# test_thermodynamics¶

Perform tests using eQuilibrator API on an instance of cobra.Model.

## Module Contents¶

test_thermodynamics.test_find_candidate_irreversible_reactions(model)[source]

Identify reversible reactions that could be irreversible.

If a reaction is neither a transport reaction, a biomass reaction nor a boundary reaction, it is counted as a purely metabolic reaction. This test checks if the reversibility attribute of each reaction agrees with a thermodynamics-based calculation of reversibility.

Implementation: To determine reversibility we calculate the reversibility index ln_gamma (natural logarithm of gamma) of each reaction using the eQuilibrator API. We consider reactions, whose reactants’ concentrations would need to change by more than three orders of magnitude for the reaction flux to reverse direction, to be likely candidates of irreversible reactions. This assume default concentrations around 100 μM (~3 μM—3 mM) at pH = 7, I = 0.1 M and T = 298 K. The corresponding reversibility index is approximately 7. For further information on the thermodynamic and implementation details please refer to https://doi.org/10.1093/bioinformatics/bts317 and https://pypi.org/project/equilibrator-api/.

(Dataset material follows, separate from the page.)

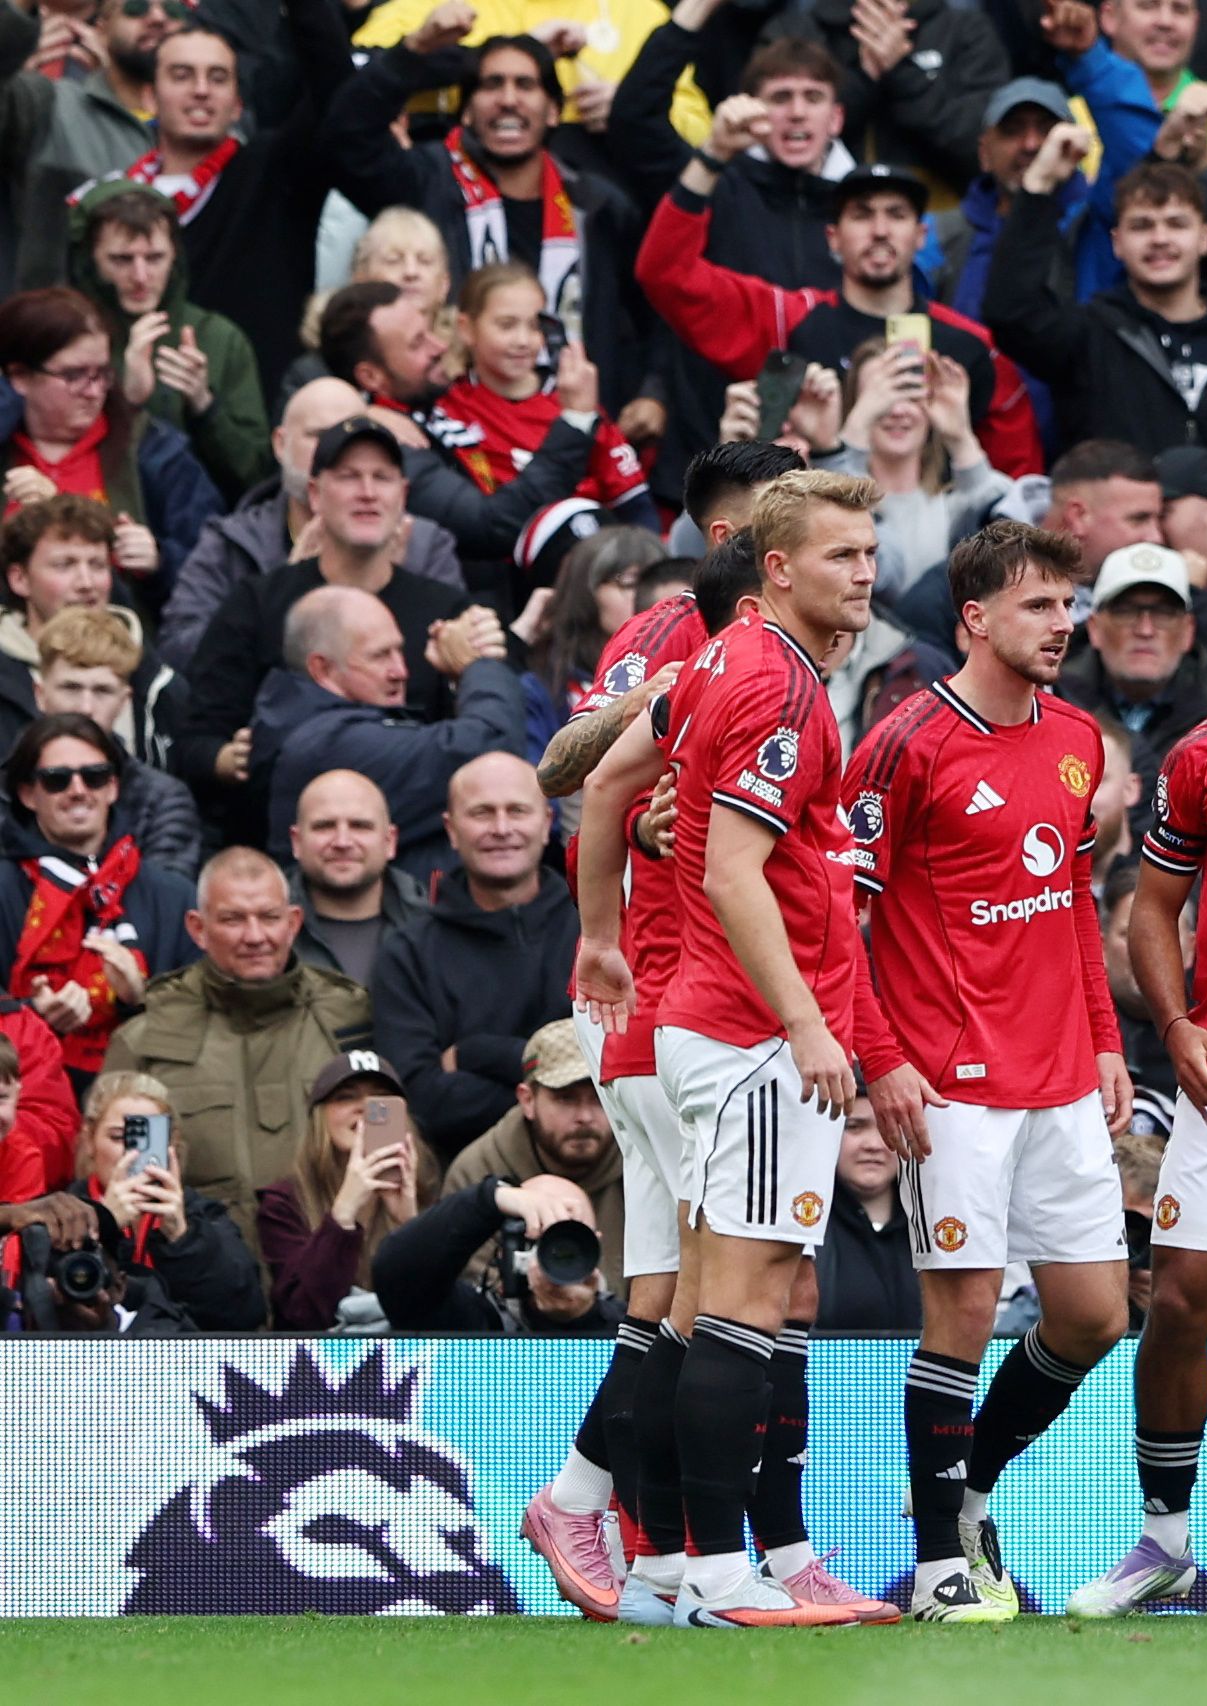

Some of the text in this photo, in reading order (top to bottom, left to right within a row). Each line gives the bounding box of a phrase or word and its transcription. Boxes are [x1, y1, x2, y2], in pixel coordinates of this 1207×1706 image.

[736, 779, 753, 791] for
[740, 769, 782, 798] No room
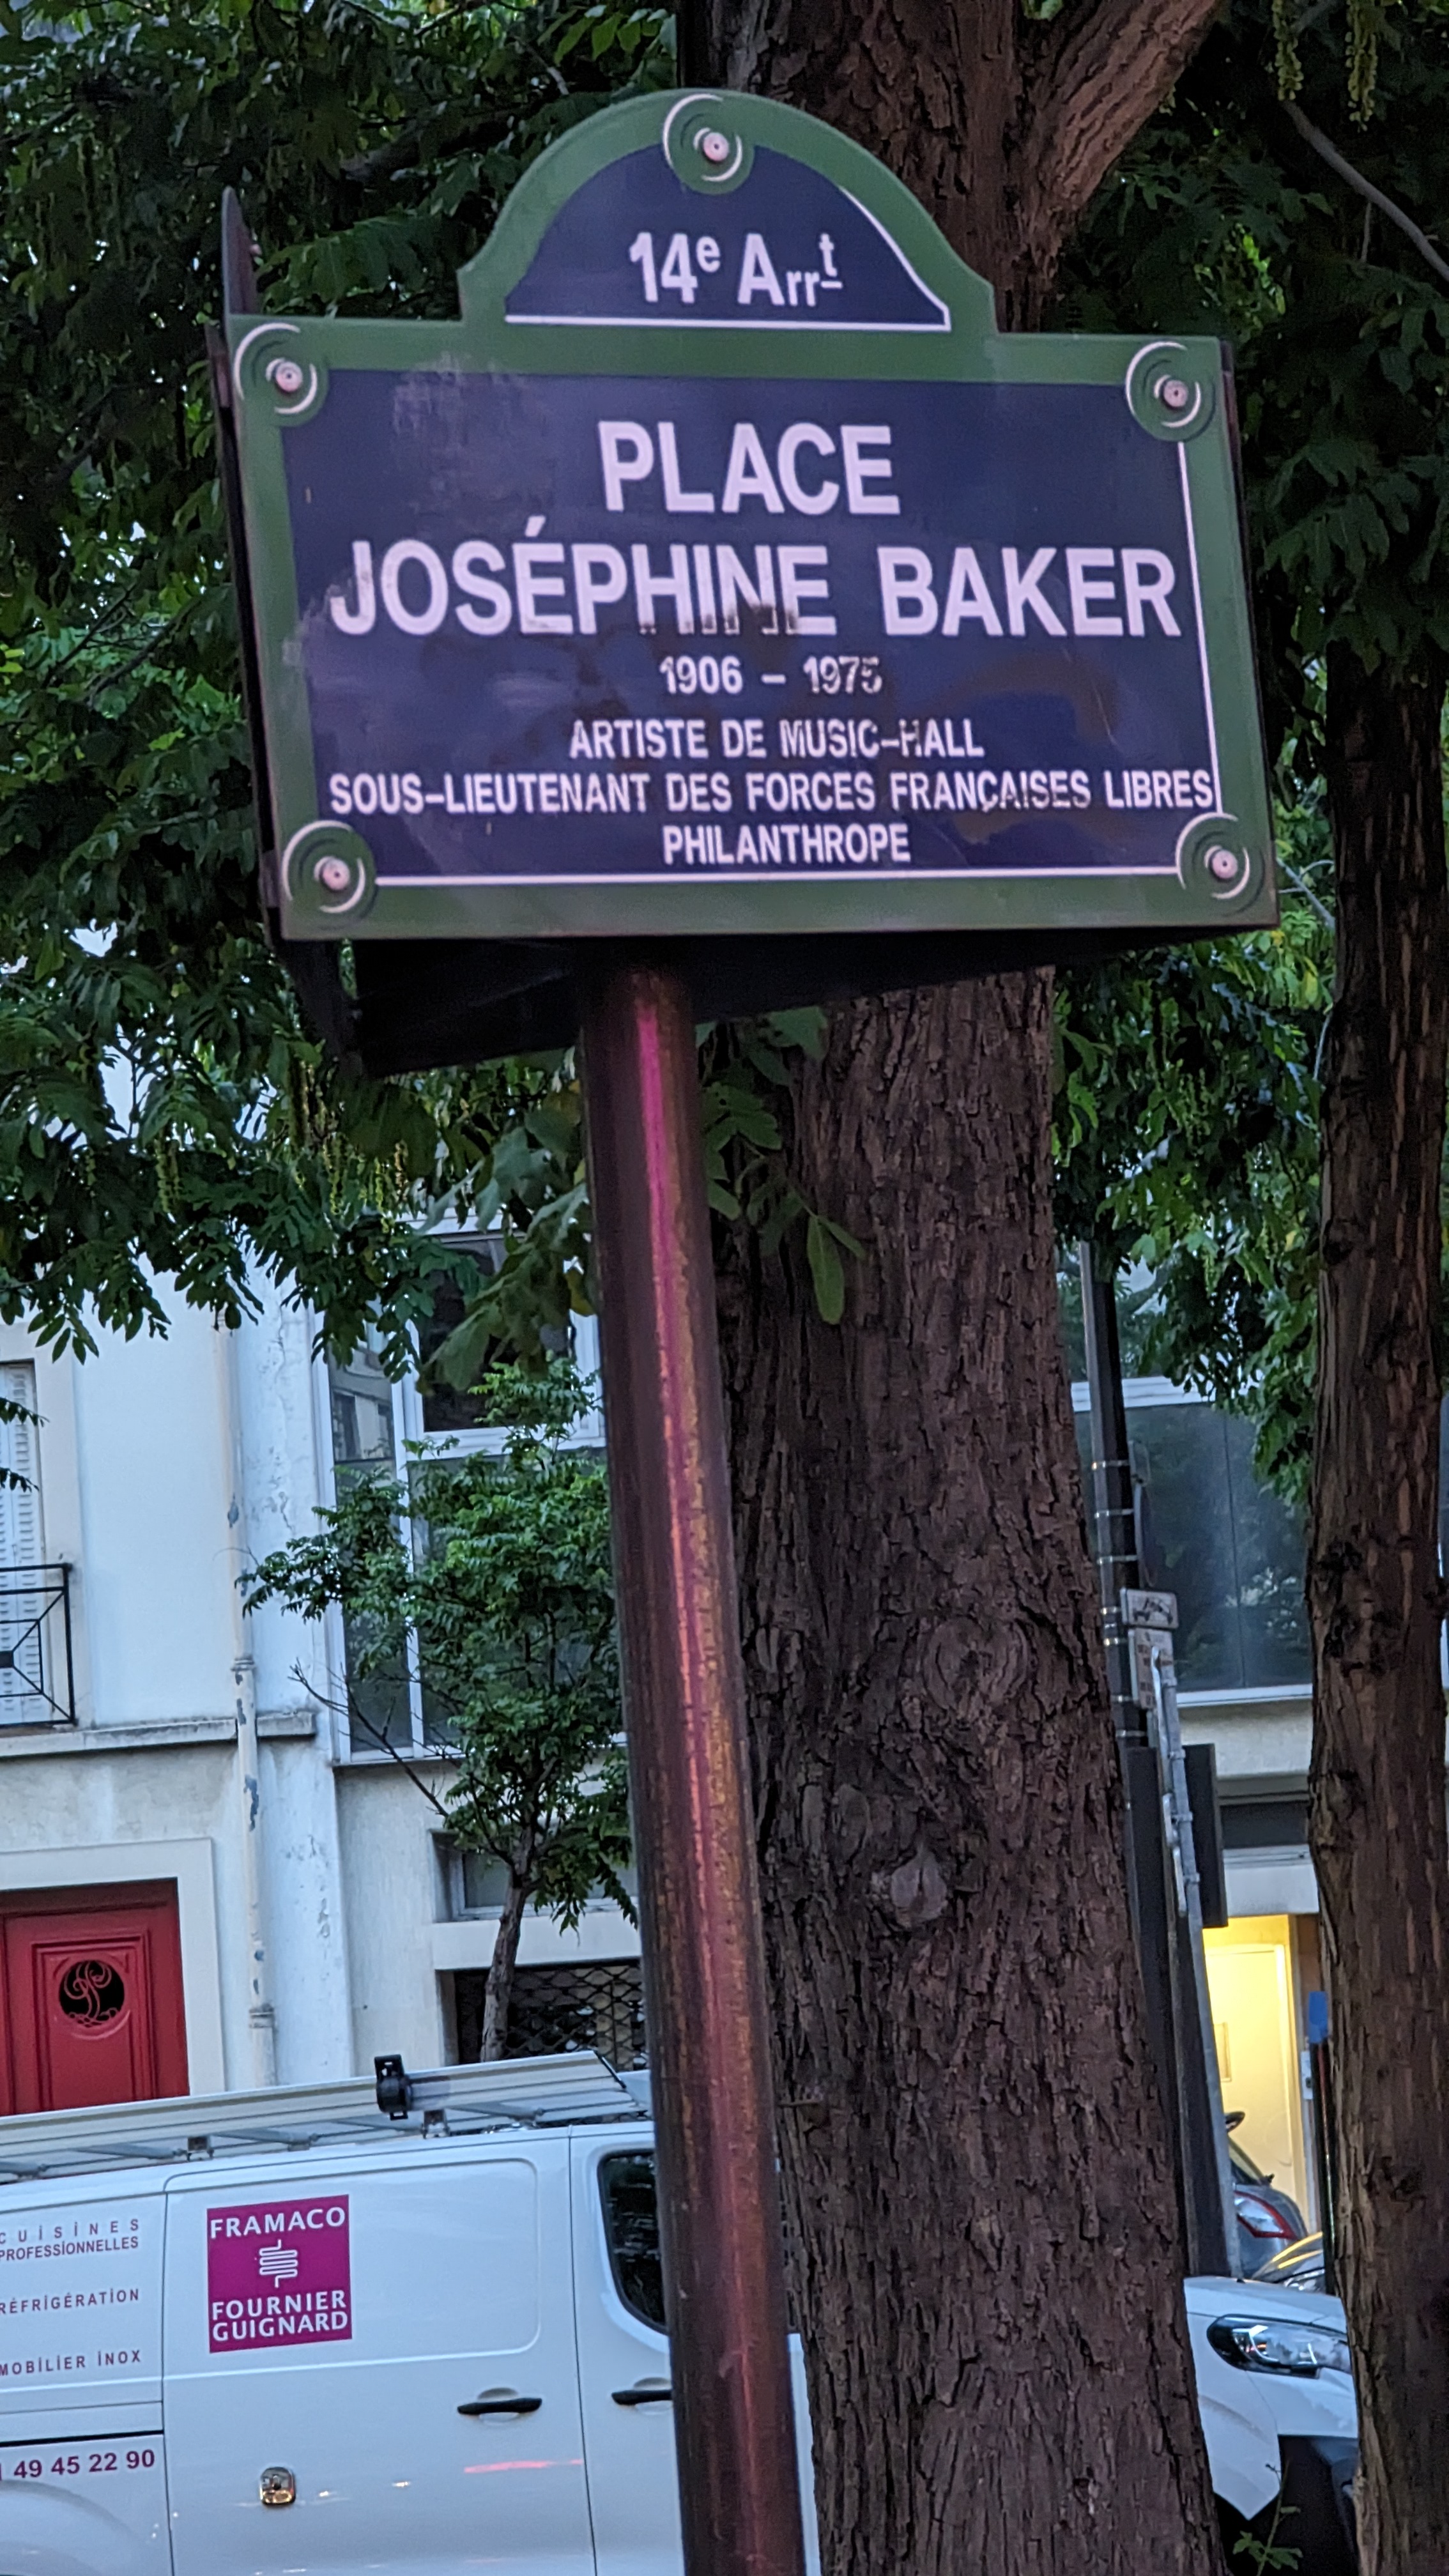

Please note that currently eQuilibrator can only determine the reversibility index for chemically and redox balanced reactions whose metabolites can be mapped to KEGG compound identifiers (e.g. C00001). In addition to not being mappable to KEGG or the reaction not being balanced, there is a possibility that the metabolite cannot be broken down into chemical groups which is essential for the calculation of Gibbs energy using group contributions. This test collects each erroneous reaction and returns them as a tuple containing each list in the following order:

1. Reactions with reversibility index
2. Reactions with incomplete mapping to KEGG
3. Reactions with metabolites that are problematic during calculation
4. Chemically or redox unbalanced Reactions (after mapping to KEGG)

This test simply reports the number of reversible reactions that, according to the reversibility index, are likely to be irreversible.